I'm also fixing one case where a brin opclass used hashvarlena() for 
bytea, even though in that case, there is no function signature 
validation done, so it doesn't matter that much.

Not done here, but maybe hashvarlena() and hashvarlenaextended() should 
be removed from pg_proc.dat, since their use as opclass support 
functions is now dubious.  They could continue to exist in the C code as 
internal support functions.
Attachment

Re: Remove hardcoded hash opclass function signature exceptions

From
Tom Lane
Date:
Peter Eisentraut <peter@eisentraut.org> writes:
> hashvalidate(), which validates the signatures of support functions for 
> the hash AM, contains several hardcoded exceptions.
> ...
> This patch removes those exceptions by providing new support functions 
> that have the proper declared signatures.  They internally share most of 
> the C code with the "wrong" functions they replace, so the behavior is 
> still the same.

+1 for cleaning this up.  A couple of minor nitpicks:

* I don't really like the new control structure, or rather lack of
structure, in hashvalidate.  In particular the uncommented
s/break/continue/ changes look like typos.  They aren't, but can't
you do this in a less confusing fashion?  Or at least add comments
like "continue not break because the code below the switch doesn't
apply to this case".

* Hand-picking OIDs as you did in pg_proc.dat is kind of passé now.
I guess it's all right as long as nobody else does the same thing in
the near future, but ...

> Not done here, but maybe hashvarlena() and hashvarlenaextended() should 
> be removed from pg_proc.dat, since their use as opclass support 
> functions is now dubious.

I wish we could get rid of those, but according to
codesearch.debian.net, postgis and a couple of other extensions are
relying on them.  If we remove them we'll break any convenient upgrade
path for those extensions.

            regards, tom lane



Re: Remove hardcoded hash opclass function signature exceptions

From
Tom Lane
Date:
Peter Eisentraut <peter@eisentraut.org> writes:
> On 06.09.24 21:43, Tom Lane wrote:
>> * I don't really like the new control structure, or rather lack of
>> structure, in hashvalidate.  In particular the uncommented
>> s/break/continue/ changes look like typos.  They aren't, but can't
>> you do this in a less confusing fashion?  Or at least add comments
>> like "continue not break because the code below the switch doesn't
>> apply to this case".

> Ok, I cleaned that up a bit.

That looks nicer.  Thanks.

>> I wish we could get rid of those, but according to
>> codesearch.debian.net, postgis and a couple of other extensions are
>> relying on them.  If we remove them we'll break any convenient upgrade
>> path for those extensions.

> Those are using the C function, which is ok.  I was thinking about
> removing the SQL function (from pg_proc.dat), because you can't use that
> for much anymore.  (You can't call it directly, and the hash AM will no
> longer accept it.)  I have done that in this patch version and added
> some code comments around it.

No, it isn't okay.  What postgis (and the others) is doing is
equivalent to

regression=# create function myhash(bytea) returns int as 'hashvarlena' LANGUAGE 'internal' IMMUTABLE STRICT PARALLEL
SAFE;
CREATE FUNCTION

After applying the v2 patch, I get

regression=# create function myhash(bytea) returns int as 'hashvarlena' LANGUAGE 'internal' IMMUTABLE STRICT PARALLEL
SAFE;
ERROR:  there is no built-in function named "hashvarlena"
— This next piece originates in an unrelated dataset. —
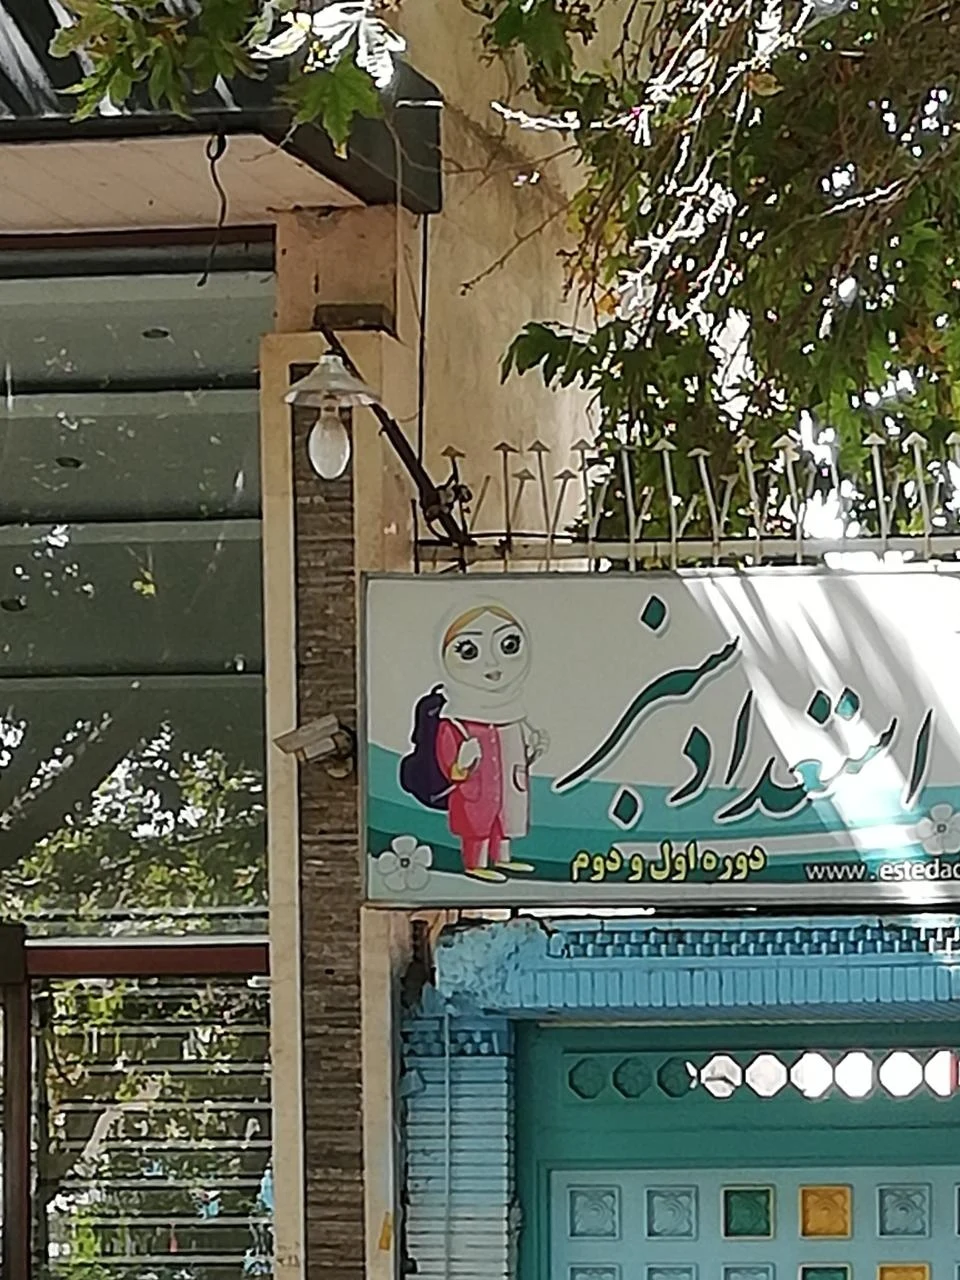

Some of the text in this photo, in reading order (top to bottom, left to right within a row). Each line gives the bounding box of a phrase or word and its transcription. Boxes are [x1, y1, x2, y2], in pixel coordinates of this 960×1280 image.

[570, 838, 767, 884] دوره اول و دوم
The reason is that the fmgr_builtins table is built from
pg_proc.dat, and only names appearing in it can be used as 'internal'
function definitions.  So you really can't remove the pg_proc entry.

The other thing that's made from pg_proc.dat is the list of extern
function declarations in fmgrprotos.h.  That's why you had to add
those cowboy declarations inside hashfunc.c, which are both ugly
and not helpful for any external module that might wish to call those
functions at the C level.

Other than the business about removing those pg_proc entries,
I think this is good to go.

            regards, tom lane